Title: Take the Fourth
Author: Jeffrey Walton
Publisher: Author House
ISBN: 9781452089294
Pages: 419, Hardcover/Paperback
Genre: Fiction/Thriller
Reviewed by: Gary Sorkin, Pacific Book Review
Book Review
Take the Fourth refers to the 4th Amendment to the United States Constitution. It’s the one which protects citizens against unreasonable searches and seizures, along with requiring a warrant to be judicially sanctioned and supported by probable cause. However, in today’s bar-coded computer-transaction cell-phone techno-society, each of us gives out more information on a daily basis than the government actually needs to profile and learn all about us through old fashioned invasive actions. In essence, as a bi-product of our willingness to carry an iPhone, Droid, BlackBerry, even just a cell phone for that matter, or when we surf the web from a computer in our home, we inadvertently and willingly relinquish many of our constitutional rights. Jeffrey Walton points out in Take the Fourth so many ways information is gathered and compiled; even I was astounded by the depth of this data trail. Walton uses his techno-savvy character, Jorja Carson, as she peels the onion of the technological layering of the government databases, to uncover a truth far more sinister than imaginable. From the network servers of the CIA in Langley Virginia, to the Oval Office of the White House, Jeffrey Walton’s plot is creatively original with its exposition. He provides a sophisticated layering of many clandestine technologies transcending to the depths of binary analysis while he interleaves incredible factual knowledge into his storyline of terrorism, governmental power, crime and secrets.
Writing in a style reminiscent of the late Michael Crichton, with governmental overtones similar to a Tom Clancy novel, along with research analogous to what Dan Brown puts into his work; Jeffrey Walton carries his storyline with excellent realism, unparallel character development, clever foreshadowing and expertly conceived plot machinations. Keeping to relatively short chapters, easily imagined into a movie’s storyboard sequence, his novel is fast paced, engulfing the reader into a visual track while revealing more and more background about our unknowing loss of personal privacy.

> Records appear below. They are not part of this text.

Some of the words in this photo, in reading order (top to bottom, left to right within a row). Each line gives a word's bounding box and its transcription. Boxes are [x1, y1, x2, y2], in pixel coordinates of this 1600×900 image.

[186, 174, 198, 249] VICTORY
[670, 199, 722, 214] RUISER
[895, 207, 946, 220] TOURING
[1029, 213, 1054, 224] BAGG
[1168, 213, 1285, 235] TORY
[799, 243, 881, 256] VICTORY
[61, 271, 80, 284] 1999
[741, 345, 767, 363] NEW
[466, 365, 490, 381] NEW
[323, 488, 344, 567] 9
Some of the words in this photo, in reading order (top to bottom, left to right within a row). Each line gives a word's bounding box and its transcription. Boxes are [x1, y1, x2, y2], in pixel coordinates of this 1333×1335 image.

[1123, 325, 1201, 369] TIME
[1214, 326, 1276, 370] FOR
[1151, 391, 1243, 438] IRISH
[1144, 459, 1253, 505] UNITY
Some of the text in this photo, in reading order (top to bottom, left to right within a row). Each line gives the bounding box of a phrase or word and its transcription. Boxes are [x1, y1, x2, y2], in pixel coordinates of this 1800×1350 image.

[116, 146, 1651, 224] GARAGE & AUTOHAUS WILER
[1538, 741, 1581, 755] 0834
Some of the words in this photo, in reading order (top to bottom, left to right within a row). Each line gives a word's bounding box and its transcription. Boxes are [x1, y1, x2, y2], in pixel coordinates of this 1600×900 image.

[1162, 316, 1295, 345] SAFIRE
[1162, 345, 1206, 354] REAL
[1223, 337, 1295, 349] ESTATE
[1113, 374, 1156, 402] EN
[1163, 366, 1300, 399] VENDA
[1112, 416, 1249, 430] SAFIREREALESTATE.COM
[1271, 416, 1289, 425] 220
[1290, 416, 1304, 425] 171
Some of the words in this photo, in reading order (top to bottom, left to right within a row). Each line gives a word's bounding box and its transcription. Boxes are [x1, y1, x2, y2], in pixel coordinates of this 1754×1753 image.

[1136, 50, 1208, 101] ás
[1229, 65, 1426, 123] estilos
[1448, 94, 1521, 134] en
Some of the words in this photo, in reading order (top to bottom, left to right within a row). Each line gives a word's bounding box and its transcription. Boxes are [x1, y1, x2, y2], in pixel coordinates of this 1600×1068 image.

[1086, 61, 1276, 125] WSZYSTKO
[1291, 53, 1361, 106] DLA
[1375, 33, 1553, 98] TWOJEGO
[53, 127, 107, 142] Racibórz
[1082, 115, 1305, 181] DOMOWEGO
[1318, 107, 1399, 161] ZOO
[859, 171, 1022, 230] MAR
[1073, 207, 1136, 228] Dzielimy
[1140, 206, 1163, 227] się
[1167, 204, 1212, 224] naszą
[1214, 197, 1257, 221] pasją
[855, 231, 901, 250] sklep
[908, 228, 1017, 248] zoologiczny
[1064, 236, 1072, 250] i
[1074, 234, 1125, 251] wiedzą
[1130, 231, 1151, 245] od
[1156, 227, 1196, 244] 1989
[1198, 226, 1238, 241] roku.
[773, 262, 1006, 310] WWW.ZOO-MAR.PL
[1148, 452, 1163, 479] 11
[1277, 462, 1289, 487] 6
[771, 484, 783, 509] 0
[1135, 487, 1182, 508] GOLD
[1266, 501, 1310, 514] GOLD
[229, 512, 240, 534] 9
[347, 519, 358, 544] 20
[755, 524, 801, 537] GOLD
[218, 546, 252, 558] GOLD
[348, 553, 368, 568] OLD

When a gang of terrorists shoot up a shopping mall, causing carnage and mayhem, the public becomes willing to step down a wrung of private personal rights to allow the government to protect them against further terrorist attacks. As flu and pandemic health concerns bring risks to the general public, people forgo their individual rights and allow for governmental inoculations, not truly knowing what in fact is within the serum they so willingly allow to be injected into their bodies. Are we sure the government isn’t performing the highly publicized terrorist act to sway public opinion to allow for metal detectors and searches at public places? Does the CDC allow for an outbreak of a disease to scare the population; thus in turn causing a frenzy of people wanting inoculations of what the government might secretly put into the serum? How else could they persuade people to willingly get injections? For the benefit and greater good of the masses, individual rights are systematically dwindled away. Some knowingly, and many others without our slightest knowledge. These are the messages within Jeffrey Walton’s writing.
As subliminal as a picture within a picture, as for example the “arrow within the FedEx logo,” (really – look carefully and you’ll see it) Jeffrey Walton’s Take the Fourth will haunt you long after finishing the book. I certainly recommend this to all sophisticated readers of suspense, espionage and technology novels. I can see this book becoming a block buster movie as well as a series of adventures of his well developed characters. This is a “must read” for any freedom loving American.
Now that your computer has clicked on the web link for this review, the government knows of your interest in this genre of reading material, and may have moved you into a category for further observation. You now must be careful where you go, what you buy, what you type online and definitely what you say! By not paying attention to Take the Fourth, you may someday have to “Take the fifth.”